**What you should do**
Pictures must be dropped from the copy of the entries below; all else is returned exactly.
··· Supplied material
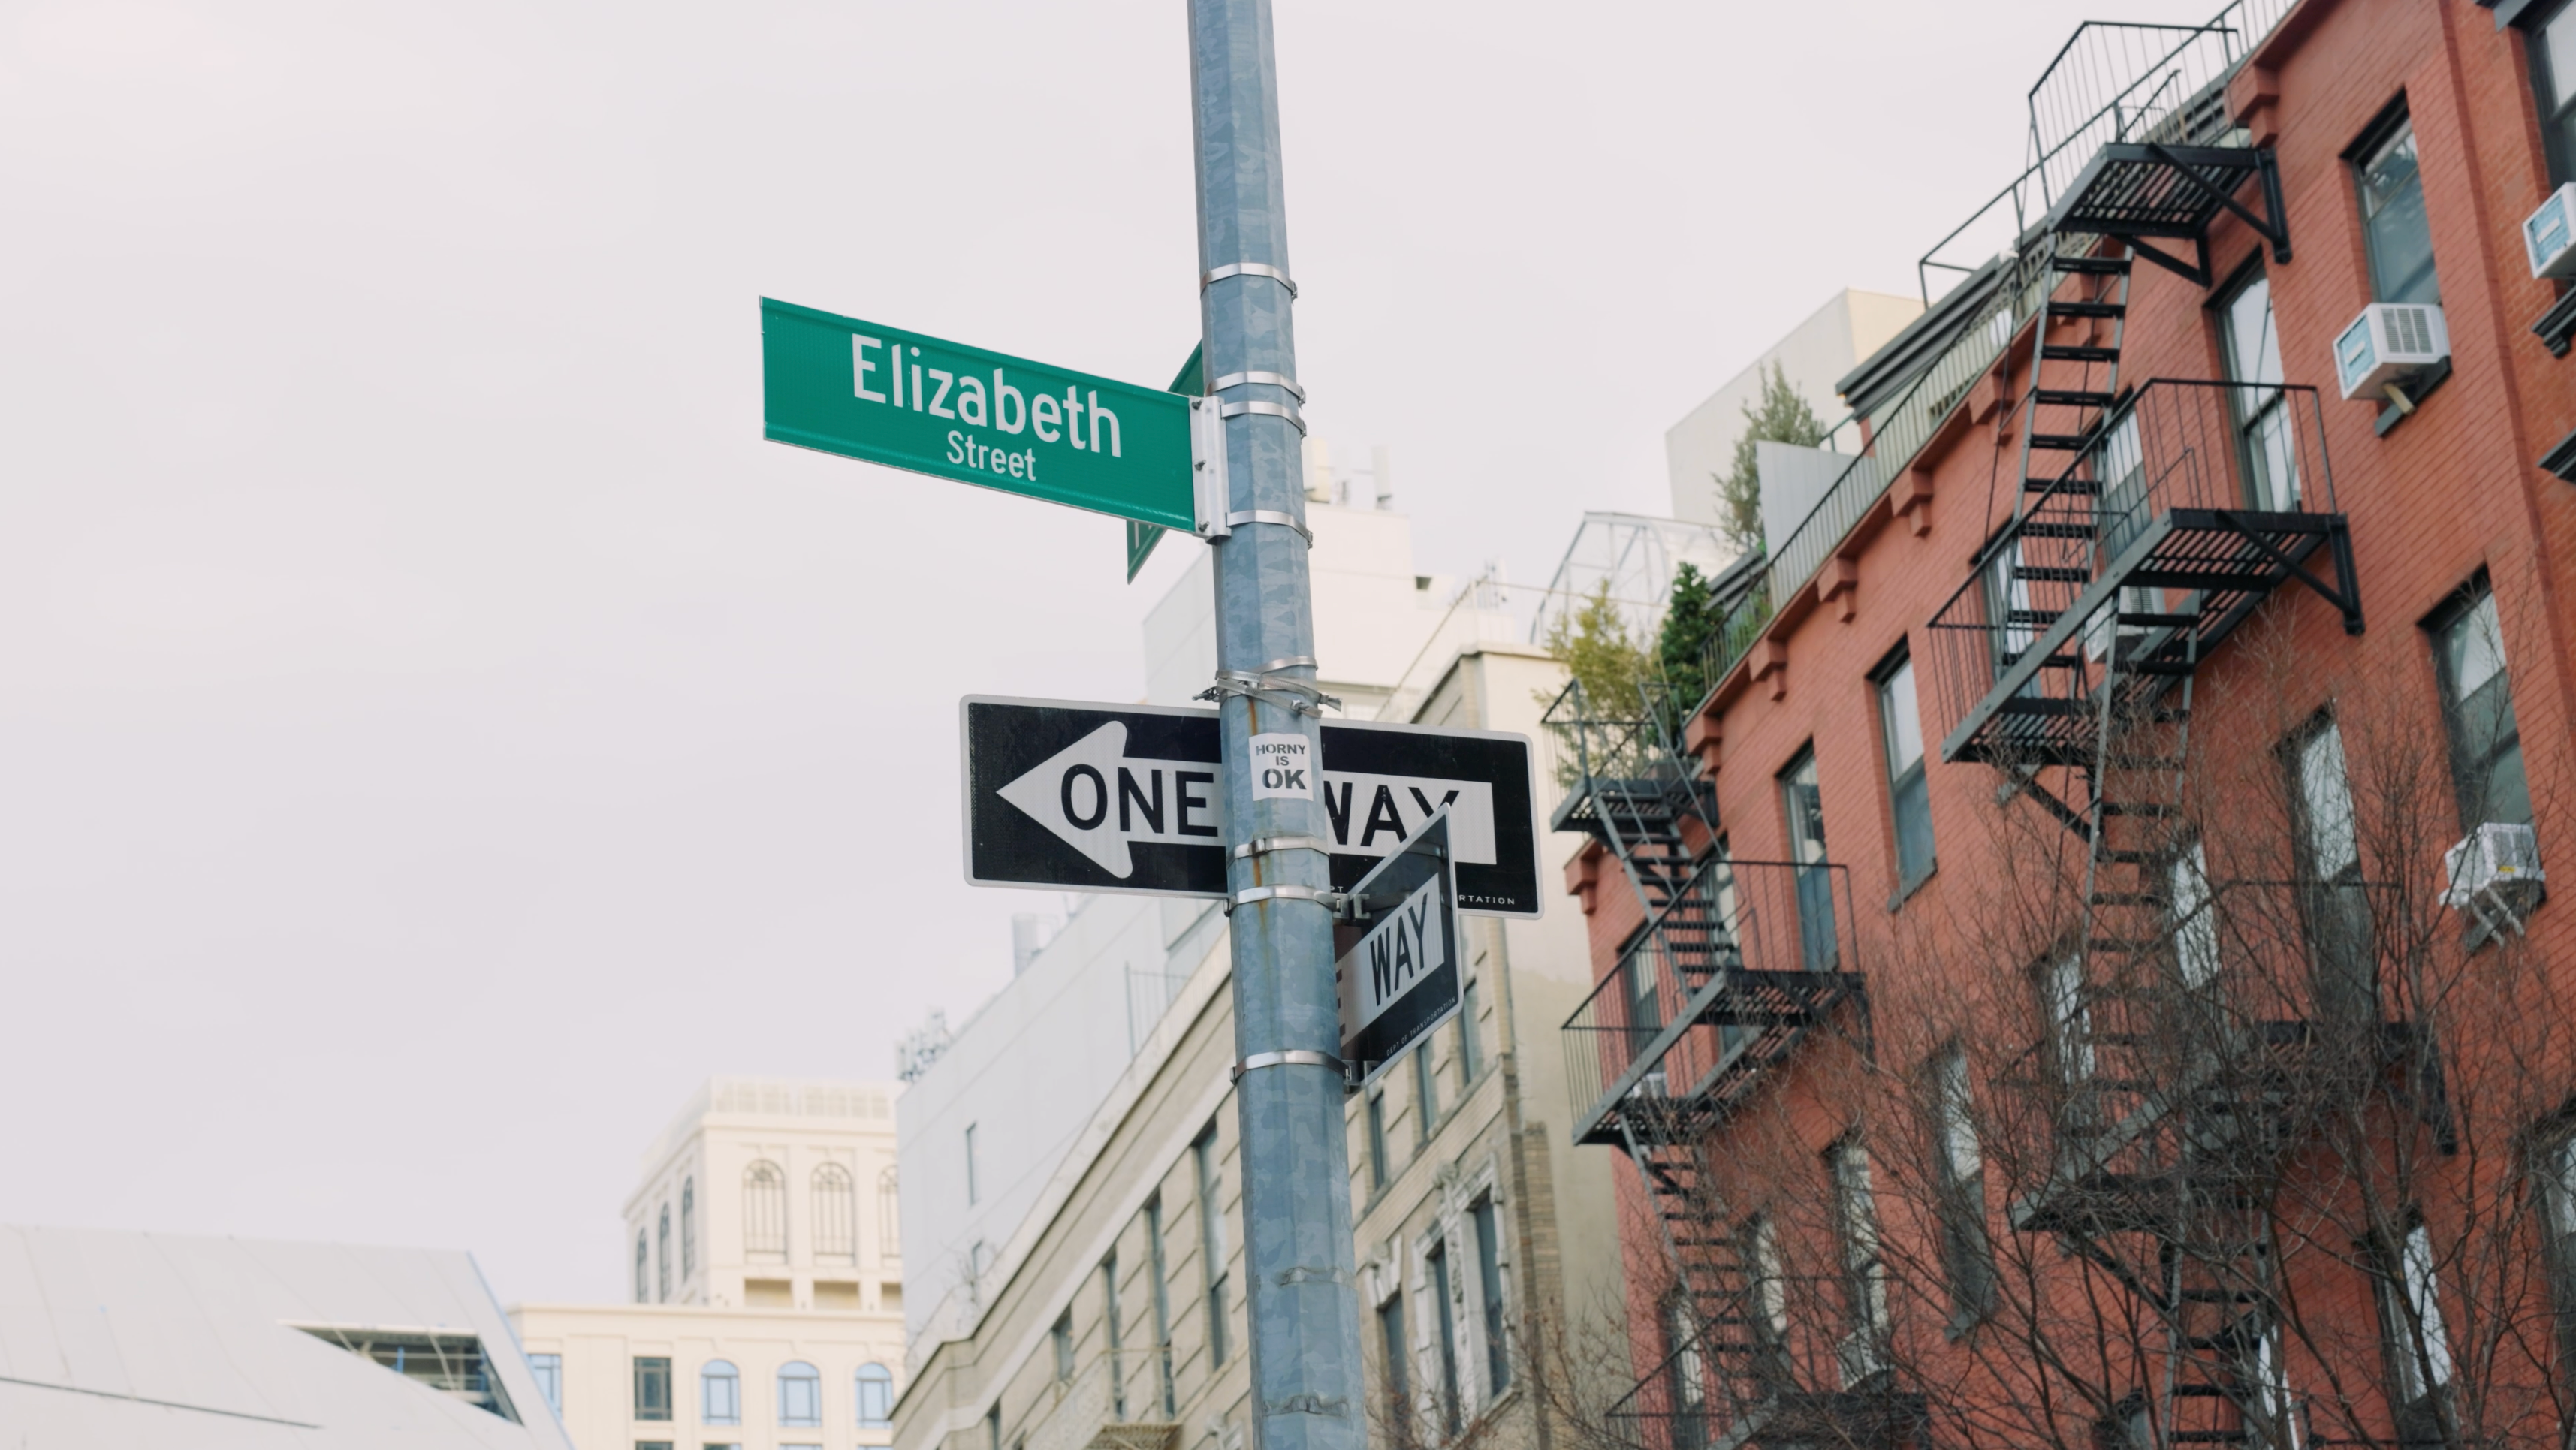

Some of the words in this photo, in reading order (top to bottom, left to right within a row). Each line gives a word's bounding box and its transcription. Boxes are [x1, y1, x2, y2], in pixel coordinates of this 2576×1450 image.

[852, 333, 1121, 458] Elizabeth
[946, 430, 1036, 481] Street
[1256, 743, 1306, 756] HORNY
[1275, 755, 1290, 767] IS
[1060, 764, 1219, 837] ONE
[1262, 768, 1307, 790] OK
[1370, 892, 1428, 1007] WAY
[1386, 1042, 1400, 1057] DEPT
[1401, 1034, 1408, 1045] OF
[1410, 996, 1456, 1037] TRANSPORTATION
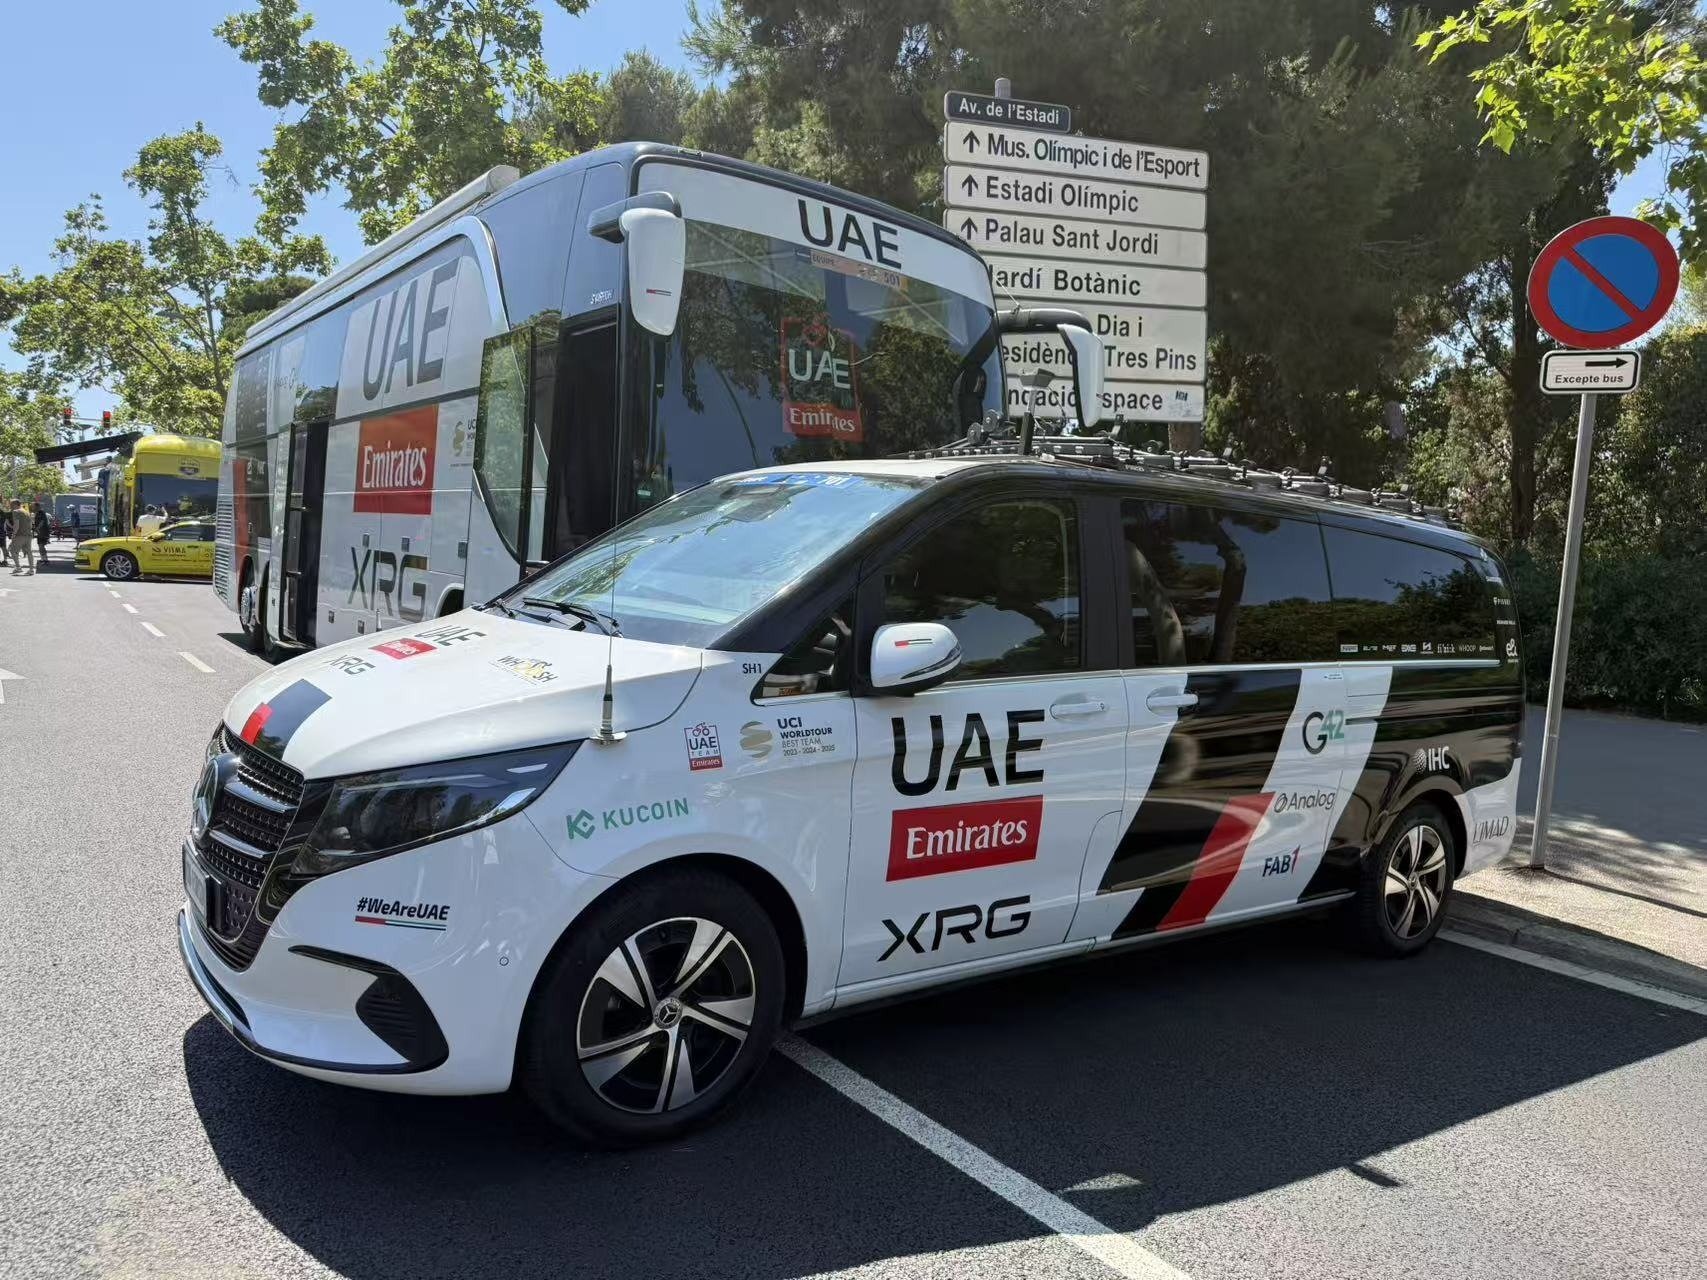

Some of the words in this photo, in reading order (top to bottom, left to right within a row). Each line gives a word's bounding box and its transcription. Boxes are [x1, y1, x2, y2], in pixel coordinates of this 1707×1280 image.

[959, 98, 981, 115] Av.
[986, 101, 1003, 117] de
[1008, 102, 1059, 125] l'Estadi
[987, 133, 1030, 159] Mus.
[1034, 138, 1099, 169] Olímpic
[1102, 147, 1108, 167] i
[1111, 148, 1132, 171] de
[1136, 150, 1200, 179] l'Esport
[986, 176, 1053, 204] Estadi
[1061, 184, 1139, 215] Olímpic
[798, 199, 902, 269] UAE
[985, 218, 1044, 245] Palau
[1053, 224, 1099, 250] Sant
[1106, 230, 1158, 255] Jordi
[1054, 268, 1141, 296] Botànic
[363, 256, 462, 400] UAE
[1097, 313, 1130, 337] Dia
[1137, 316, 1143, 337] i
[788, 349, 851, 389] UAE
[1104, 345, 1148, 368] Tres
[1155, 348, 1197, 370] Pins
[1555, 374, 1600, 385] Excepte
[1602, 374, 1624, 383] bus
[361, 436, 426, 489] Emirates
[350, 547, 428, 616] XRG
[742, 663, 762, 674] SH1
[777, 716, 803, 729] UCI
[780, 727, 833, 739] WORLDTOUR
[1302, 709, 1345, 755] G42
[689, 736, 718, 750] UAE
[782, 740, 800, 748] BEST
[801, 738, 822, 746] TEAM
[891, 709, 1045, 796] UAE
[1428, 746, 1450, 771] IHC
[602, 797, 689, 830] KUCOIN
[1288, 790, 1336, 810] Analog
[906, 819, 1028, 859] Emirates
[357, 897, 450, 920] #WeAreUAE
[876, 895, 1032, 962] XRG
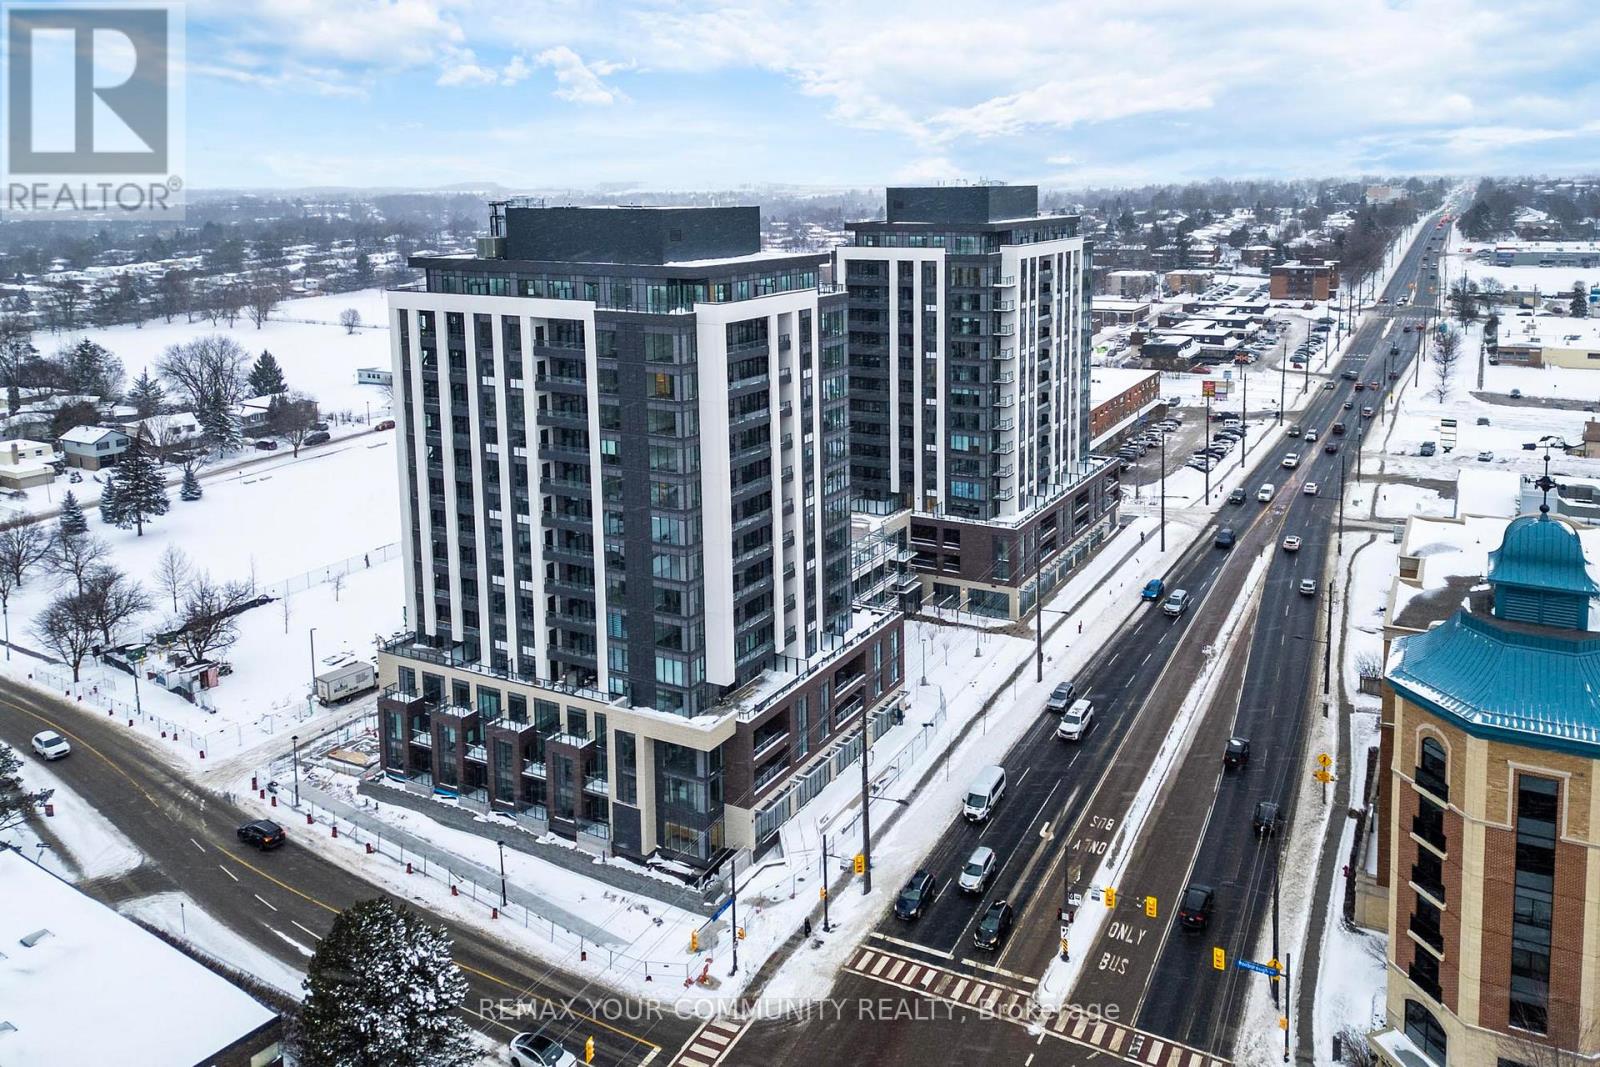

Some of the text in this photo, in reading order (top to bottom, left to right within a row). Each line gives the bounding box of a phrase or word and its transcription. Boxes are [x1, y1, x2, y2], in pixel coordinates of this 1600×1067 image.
······
**Response area**
Some of the words in this photo, in reading order (top to bottom, left to right within a row). Each line gives a word's bounding box and its transcription. Boxes are [x1, y1, x2, y2], in pixel coordinates of this 2576×1450 image.

[852, 333, 1121, 458] Elizabeth
[946, 430, 1036, 481] Street
[1256, 743, 1306, 756] HORNY
[1275, 755, 1290, 767] IS
[1060, 764, 1219, 837] ONE
[1262, 768, 1307, 790] OK
[1370, 892, 1428, 1007] WAY
[1386, 1042, 1400, 1057] DEPT
[1401, 1034, 1408, 1045] OF
[1410, 996, 1456, 1037] TRANSPORTATION

Some of the words in this photo, in reading order (top to bottom, left to right within a row). Each line gives a word's bounding box and its transcription. Boxes are [x1, y1, x2, y2], in pixel coordinates of this 1707×1280 image.

[959, 98, 981, 115] Av.
[986, 101, 1003, 117] de
[1008, 102, 1059, 125] l'Estadi
[987, 133, 1030, 159] Mus.
[1034, 138, 1099, 169] Olímpic
[1102, 147, 1108, 167] i
[1111, 148, 1132, 171] de
[1136, 150, 1200, 179] l'Esport
[986, 176, 1053, 204] Estadi
[1061, 184, 1139, 215] Olímpic
[798, 199, 902, 269] UAE
[985, 218, 1044, 245] Palau
[1053, 224, 1099, 250] Sant
[1106, 230, 1158, 255] Jordi
[1054, 268, 1141, 296] Botànic
[363, 256, 462, 400] UAE
[1097, 313, 1130, 337] Dia
[1137, 316, 1143, 337] i
[788, 349, 851, 389] UAE
[1104, 345, 1148, 368] Tres
[1155, 348, 1197, 370] Pins
[1555, 374, 1600, 385] Excepte
[1602, 374, 1624, 383] bus
[361, 436, 426, 489] Emirates
[350, 547, 428, 616] XRG
[742, 663, 762, 674] SH1
[777, 716, 803, 729] UCI
[780, 727, 833, 739] WORLDTOUR
[1302, 709, 1345, 755] G42
[689, 736, 718, 750] UAE
[782, 740, 800, 748] BEST
[801, 738, 822, 746] TEAM
[891, 709, 1045, 796] UAE
[1428, 746, 1450, 771] IHC
[602, 797, 689, 830] KUCOIN
[1288, 790, 1336, 810] Analog
[906, 819, 1028, 859] Emirates
[357, 897, 450, 920] #WeAreUAE
[876, 895, 1032, 962] XRG

Some of the text in this photo, in reading order (top to bottom, left to right within a row). Each line gives the bounding box of a phrase or word and its transcription. Boxes are [x1, y1, x2, y2], in pixel coordinates of this 1600×1067 image.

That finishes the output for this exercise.